If we decide we are responsible for choices we didn't make and outcomes we can't create, we become overwhelmed with worry and anxiety and we are powerless to create the outcomes which are open to us. This is also a cognitive distortion which hobbles our capacity to create what we need.

If we decide to control the situation by controlling the other, we become aggressive. We make others be who we want them to be, or we at least try. We may even succeed in getting them for the moment to act as we want them to act, but they will revert to their more usual way of being as soon as our backs are turned. We can't actually get others to be who we want them to be. We can't change others.

If we decide to be whoever others want us to be, we conform, we immediately reduce tension in the relationship and appear to resolve the conflict. In fact, we have simply eaten the conflict and have now taken it within ourselves. The conflict is no longer between ourselves and the other who wants us to be different. Now it is between who we authentically are and who we are pretending to be to placate the other. We have created the appearance of harmony at the expense of our integrity by becoming compliant.

So it is the mid-point of the continuum of responsibility and the continuum of control which holds the greatest power. That is the stance we call assertiveness. We can use this model to help us identify when we are not being assertive.

If I find myself saying, "There is nothing I can do about this," I am not being assertive.

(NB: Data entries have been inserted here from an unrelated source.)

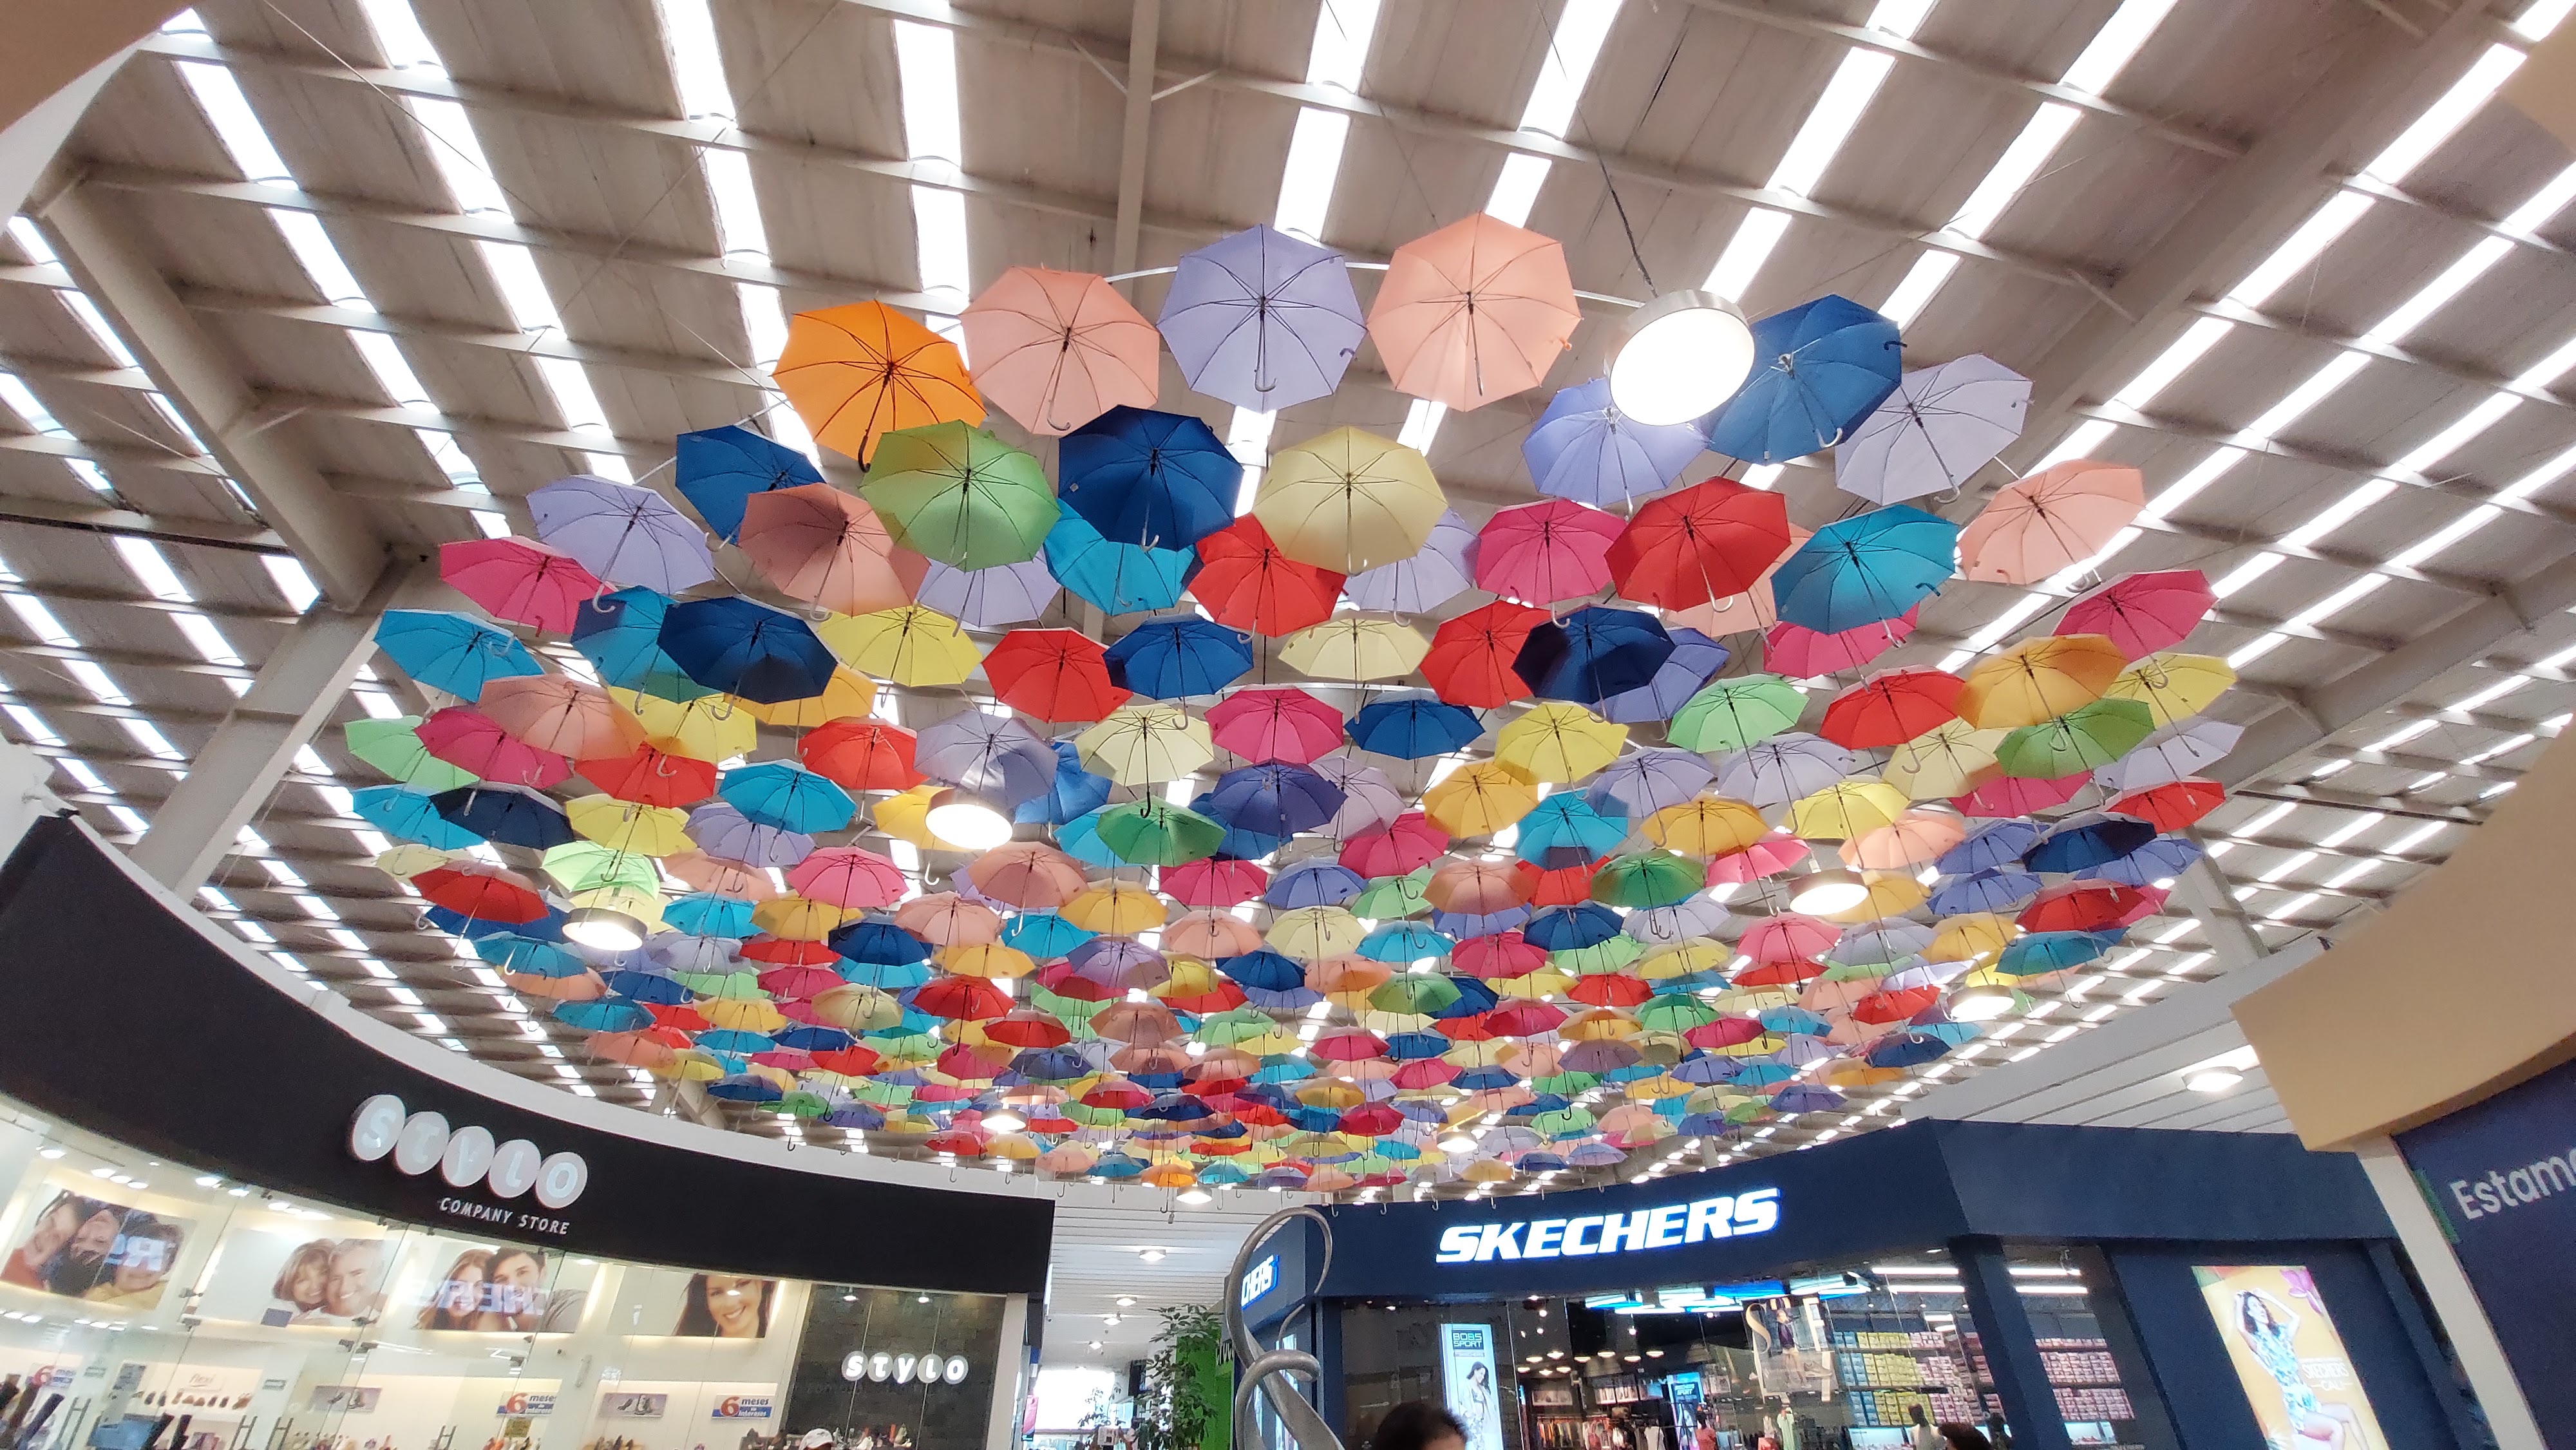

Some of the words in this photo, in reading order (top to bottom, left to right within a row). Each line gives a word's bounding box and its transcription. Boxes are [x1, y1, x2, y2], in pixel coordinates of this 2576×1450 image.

[439, 1197, 513, 1224] COMPANY
[518, 1214, 570, 1235] STORE
[1435, 1188, 1781, 1263] SKECHERS
[1241, 1255, 1279, 1310] CHERS
[846, 1355, 965, 1384] STYLO
[2302, 1362, 2349, 1379] SKECHERS
[507, 1393, 529, 1414] 6
[721, 1396, 741, 1417] 6

If I find myself saying, "Well, this really isn't my job, but I'll take it on anyway," then I am not being assertive.

If I find myself saying, "You are going to do it my way or else," I may have a brief rush of feeling powerful, but I am not going to create what I need and I am being aggressive. I am not being assertive.

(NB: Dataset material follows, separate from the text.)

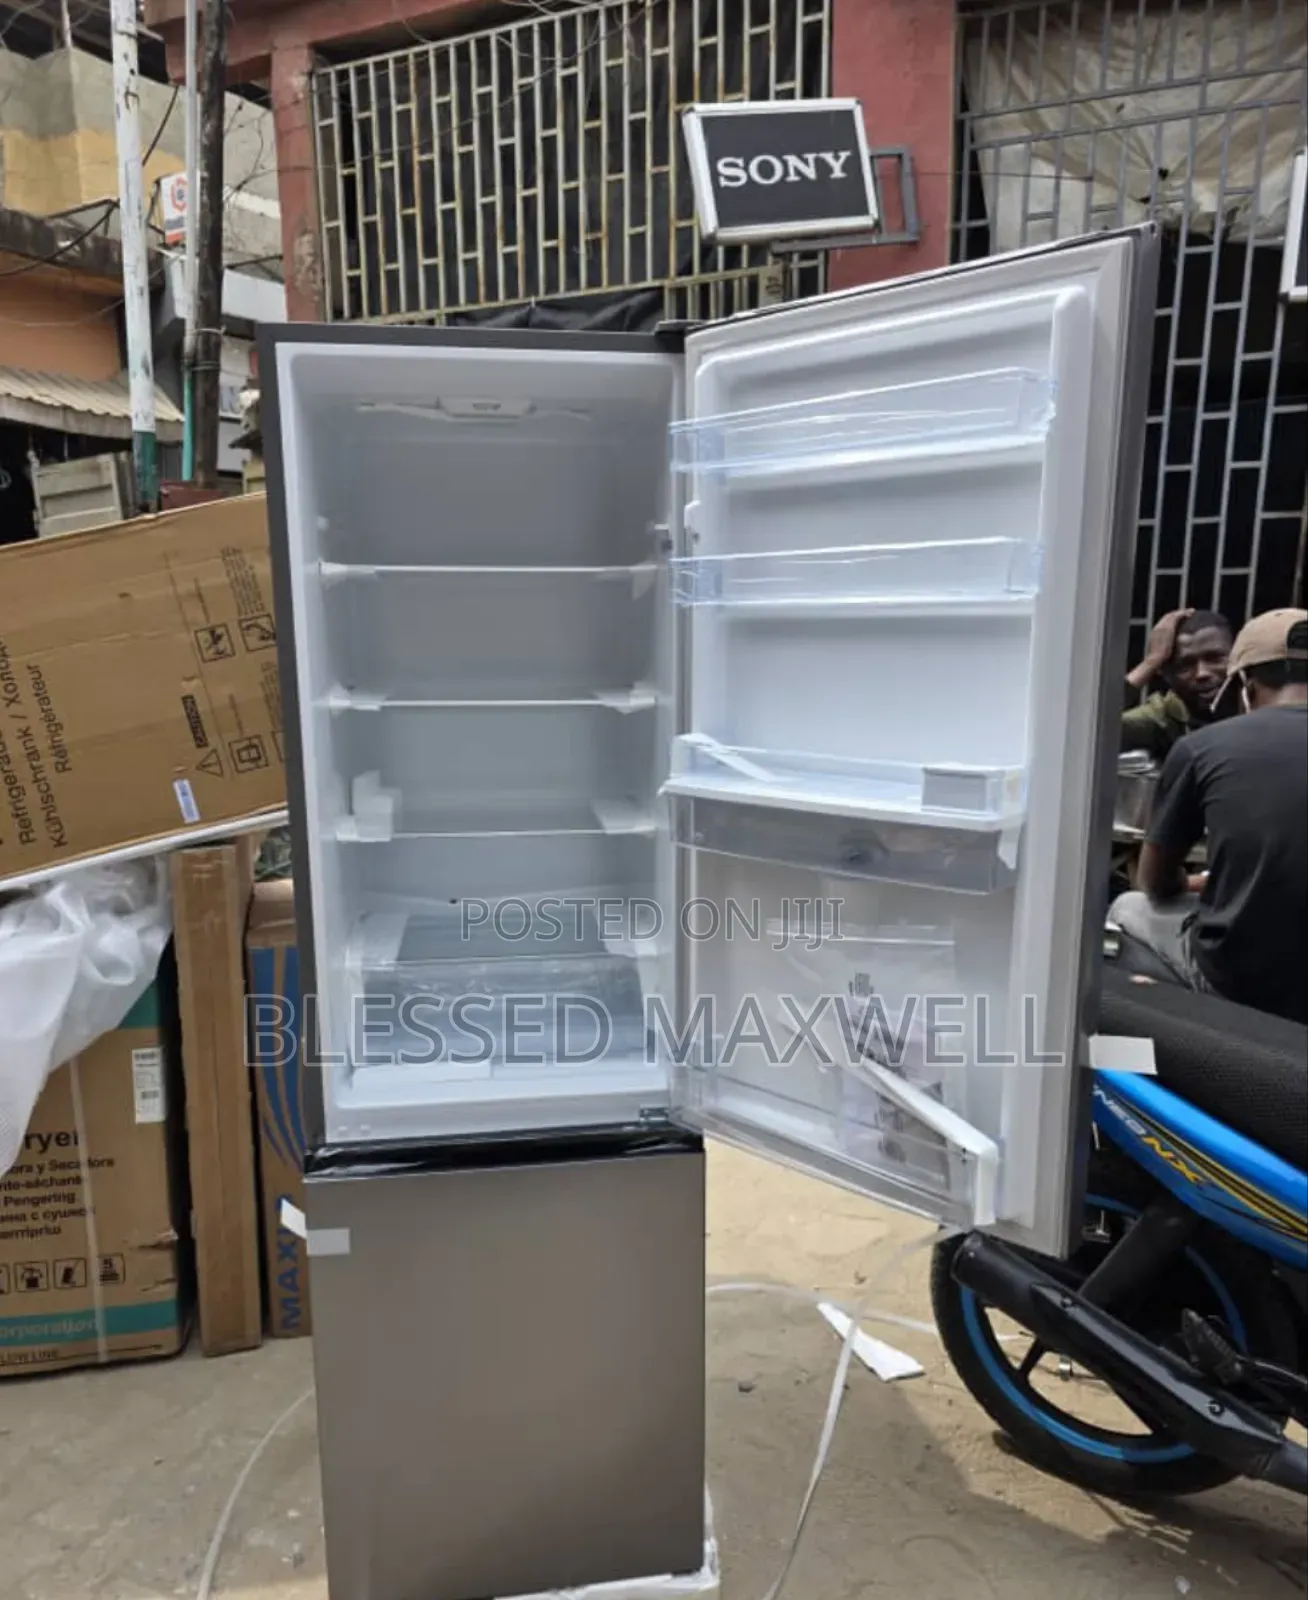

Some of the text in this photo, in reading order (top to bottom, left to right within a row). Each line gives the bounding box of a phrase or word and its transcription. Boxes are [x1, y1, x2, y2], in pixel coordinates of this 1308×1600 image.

[716, 151, 852, 188] SONY
[0, 730, 37, 845] Refrigera
[276, 1194, 302, 1328] MAXI

Iif I find myself saying, "Whatever, I don't care, I will just be the way others want me to be," I am abandoning my own integrity and my own welfare and I am not being assertive.

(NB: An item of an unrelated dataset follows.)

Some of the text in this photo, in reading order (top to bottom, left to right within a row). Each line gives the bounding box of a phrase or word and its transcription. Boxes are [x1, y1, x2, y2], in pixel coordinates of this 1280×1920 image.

We want to address the conflicts which arise in a manner which gives us the greatest possible power to create what we need. This is what we mean by being assertive. But there are a great many ways we can react which get us the opposite of what we need. This is not being assertive. It is very helpful then to notice how we are reacting and shift to a more satisfying way of being.

As we look for the patterns in our own behavior, we discover that we tend to react to the same or similar circumstances in the same ways over and over again. Some of us tend to deny our responsibility and some tend to take on too much responsibility. Some people tend to try to bully others and some are easily compliant.

Consider for a moment what you notice about your own behavior. Do you tend to hear yourself saying to yourself that you are powerless, that you are not response-able? Do you tend to go along with what others want and don't speak up for yourself? We tend to adopt a set stance in a given relationship but we may be very different in different relationships. We may be very compliant at work and then get home and dominate our children.

Using the chart, see if you can identify which quadrant you typically find yourself in. Are you an aggressive denier... or perhaps a compliant over-functioner? One common relationship between someone who is chemically dependant and someone who is codependent with them is just such a relationship. The disease of chemical dependency tends to breed a stance in which one denies responsibility for what is happening and insists that others be as they want them to be. Co-dependents, on the other hand, tend to comply with the demands of the chemically dependent and do whatever they can to clean up the mess the addict has made.

People who have adopted a life-stance as a victim tend to be compliant and to deny responsibility. Those who see themselves as tough tend to be over-functioning and willing to be aggressive to get things done.

Often people in a relationship with each other tend toward opposing quadrants in the chart. This is much like two people in a canoe where, when one leans left, the other leans rights just to keep the balance. This leads the first person to lean further left and pretty soon they are each stretched out over the water in a very unstable canoe. It is hard to move towards the middle because that seems to cause the canoe to tip.